WORK ORDER – With the line that contains "this 1245×1660 image." as the first line, output exactly every line through the end of the material.

INPUT RECORDS –
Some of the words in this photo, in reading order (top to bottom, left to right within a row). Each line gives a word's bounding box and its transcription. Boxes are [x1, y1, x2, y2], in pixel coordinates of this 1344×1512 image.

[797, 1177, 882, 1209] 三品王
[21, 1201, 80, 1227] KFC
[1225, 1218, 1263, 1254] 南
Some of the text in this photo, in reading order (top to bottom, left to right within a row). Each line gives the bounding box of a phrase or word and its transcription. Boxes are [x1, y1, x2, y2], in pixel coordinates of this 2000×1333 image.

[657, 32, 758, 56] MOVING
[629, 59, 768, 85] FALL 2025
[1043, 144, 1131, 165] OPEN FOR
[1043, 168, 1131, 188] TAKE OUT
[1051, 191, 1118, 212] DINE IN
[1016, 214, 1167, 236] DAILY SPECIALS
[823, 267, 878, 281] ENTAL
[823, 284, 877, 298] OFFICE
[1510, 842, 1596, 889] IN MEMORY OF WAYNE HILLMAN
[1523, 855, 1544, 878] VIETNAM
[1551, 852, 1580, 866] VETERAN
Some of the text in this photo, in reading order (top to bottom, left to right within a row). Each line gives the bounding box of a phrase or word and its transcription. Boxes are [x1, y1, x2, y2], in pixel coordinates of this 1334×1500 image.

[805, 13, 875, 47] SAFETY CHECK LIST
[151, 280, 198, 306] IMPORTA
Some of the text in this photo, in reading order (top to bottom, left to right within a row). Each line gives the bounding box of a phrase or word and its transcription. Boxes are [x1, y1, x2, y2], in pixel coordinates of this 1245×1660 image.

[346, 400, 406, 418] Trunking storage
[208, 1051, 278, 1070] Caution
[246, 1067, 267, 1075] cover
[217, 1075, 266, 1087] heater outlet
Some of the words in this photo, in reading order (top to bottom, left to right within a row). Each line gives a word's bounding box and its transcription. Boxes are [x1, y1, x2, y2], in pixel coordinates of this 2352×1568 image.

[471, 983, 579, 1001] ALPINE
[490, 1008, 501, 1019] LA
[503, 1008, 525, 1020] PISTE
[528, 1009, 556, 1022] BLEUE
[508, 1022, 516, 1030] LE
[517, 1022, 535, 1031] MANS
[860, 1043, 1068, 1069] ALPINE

RESPONSE TO THIS TASK –
Some of the text in this photo, in reading order (top to bottom, left to right within a row). Each line gives the bounding box of a phrase or word and its transcription. Boxes are [x1, y1, x2, y2], in pixel coordinates of this 1245×1660 image.

[346, 400, 406, 418] Trunking storage
[208, 1051, 278, 1070] Caution
[246, 1067, 267, 1075] cover
[217, 1075, 266, 1087] heater outlet
Some of the words in this photo, in reading order (top to bottom, left to right within a row). Each line gives a word's bounding box and its transcription. Boxes are [x1, y1, x2, y2], in pixel coordinates of this 2352×1568 image.

[471, 983, 579, 1001] ALPINE
[490, 1008, 501, 1019] LA
[503, 1008, 525, 1020] PISTE
[528, 1009, 556, 1022] BLEUE
[508, 1022, 516, 1030] LE
[517, 1022, 535, 1031] MANS
[860, 1043, 1068, 1069] ALPINE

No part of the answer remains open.